This is a Writers' Other Jobs piece from author, journalist, short fiction writer and lecturer Meg Mundell. You can find her on twitter here and her website here


Worst Fairy in the World

by 

Meg Mundell

 

For more than a decade, when a small-talking stranger asks that rotten question “What do you do?”, I’ve called myself a writer. It always feels slightly cringe-worthy, like admitting you collect berets or consider yourself a beatnik, but it’s a truthful account of how I spend my time. But if they’d phrased the question more bluntly – “How do you pay the rent?” – I’d have to admit to some strange goings-on. Sure, there have been times when words alone have kept me fed – a fantastic five-year run at The Big Issue, a stint for Lonely Planet, some low-level speechwriting, and several manic years of freelancing – but like most scribblers, I’ve done some peculiar things to pay the bills.

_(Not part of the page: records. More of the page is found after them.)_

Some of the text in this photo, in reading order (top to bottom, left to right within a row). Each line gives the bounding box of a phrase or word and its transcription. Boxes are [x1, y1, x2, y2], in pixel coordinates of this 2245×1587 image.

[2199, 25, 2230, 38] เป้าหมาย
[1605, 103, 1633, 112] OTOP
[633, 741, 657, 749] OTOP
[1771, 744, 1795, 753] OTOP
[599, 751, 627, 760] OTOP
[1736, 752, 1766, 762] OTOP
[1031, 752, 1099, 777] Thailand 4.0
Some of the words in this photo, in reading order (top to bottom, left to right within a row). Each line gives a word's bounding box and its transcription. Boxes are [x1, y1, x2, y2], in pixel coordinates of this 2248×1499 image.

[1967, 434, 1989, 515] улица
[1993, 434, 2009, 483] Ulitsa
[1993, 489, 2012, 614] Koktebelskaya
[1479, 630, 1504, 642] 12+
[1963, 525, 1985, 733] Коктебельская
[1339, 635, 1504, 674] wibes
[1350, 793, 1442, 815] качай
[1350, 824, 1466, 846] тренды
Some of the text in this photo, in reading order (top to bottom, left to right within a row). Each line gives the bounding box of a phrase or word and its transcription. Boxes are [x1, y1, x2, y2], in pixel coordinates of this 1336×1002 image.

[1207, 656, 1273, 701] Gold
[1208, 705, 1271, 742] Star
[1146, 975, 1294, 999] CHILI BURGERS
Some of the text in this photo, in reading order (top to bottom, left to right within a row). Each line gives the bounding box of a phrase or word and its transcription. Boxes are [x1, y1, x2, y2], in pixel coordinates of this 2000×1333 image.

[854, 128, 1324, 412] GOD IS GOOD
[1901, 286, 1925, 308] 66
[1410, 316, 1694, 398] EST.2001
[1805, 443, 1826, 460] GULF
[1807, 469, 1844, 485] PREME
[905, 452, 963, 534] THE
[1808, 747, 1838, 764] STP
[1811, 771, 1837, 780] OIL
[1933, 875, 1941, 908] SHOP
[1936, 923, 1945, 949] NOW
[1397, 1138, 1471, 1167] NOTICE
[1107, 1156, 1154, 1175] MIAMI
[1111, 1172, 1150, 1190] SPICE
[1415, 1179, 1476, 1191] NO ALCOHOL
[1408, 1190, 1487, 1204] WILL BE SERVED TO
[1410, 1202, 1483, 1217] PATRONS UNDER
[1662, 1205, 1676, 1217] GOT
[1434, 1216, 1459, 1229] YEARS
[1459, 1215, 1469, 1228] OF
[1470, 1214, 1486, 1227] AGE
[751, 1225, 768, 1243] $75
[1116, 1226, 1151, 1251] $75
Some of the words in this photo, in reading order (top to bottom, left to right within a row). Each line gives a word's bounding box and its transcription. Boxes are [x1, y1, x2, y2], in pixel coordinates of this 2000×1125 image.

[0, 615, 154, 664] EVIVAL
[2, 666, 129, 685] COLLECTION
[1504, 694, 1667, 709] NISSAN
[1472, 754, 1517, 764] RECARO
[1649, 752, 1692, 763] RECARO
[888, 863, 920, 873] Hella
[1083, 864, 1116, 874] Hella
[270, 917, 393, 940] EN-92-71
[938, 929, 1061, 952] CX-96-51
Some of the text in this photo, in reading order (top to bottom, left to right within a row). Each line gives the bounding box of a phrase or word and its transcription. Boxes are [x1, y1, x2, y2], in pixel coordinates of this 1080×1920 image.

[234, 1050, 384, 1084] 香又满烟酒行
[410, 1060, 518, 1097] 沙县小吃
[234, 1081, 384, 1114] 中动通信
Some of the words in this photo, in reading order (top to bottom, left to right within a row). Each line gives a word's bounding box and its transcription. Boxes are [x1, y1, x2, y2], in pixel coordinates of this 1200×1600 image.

Along with the usual kitchen-hand and waitressing gigs, some of my odder job titles have included life model (remove clothes, don’t move), nightclub DJ (press buttons, deafen self), yacht crew-member (vomit over the side, repeat), anti-spam policy analyst (forge a completely useless international agreement to conquer electronic junkmail) and on-stage sidekick to an alcoholic ventriloquist Santa Claus. One short-lived early role, however, stands out as particularly memorable, because it taught me a valuable life lesson.

In my first year of freelancing, sick of washing dishes while editors mislaid my invoices, I took a job as a fairy. My mission: to entertain the troops at children’s birthday parties. “Just keep the littlies happy,” croaked my chain-smoking boss. She offered no further detail, which I took as a sign of confidence. Clearly she could tell I’d be a natural at this caper, enchanting tiny humans and generally spreading merriment and delight wherever I went. So sure was I of my elfin credentials, I did no preparation whatsoever. How hard could it be to entertain a bunch of kids?

My first assignment would be a trial, said the fairy boss. How right she was.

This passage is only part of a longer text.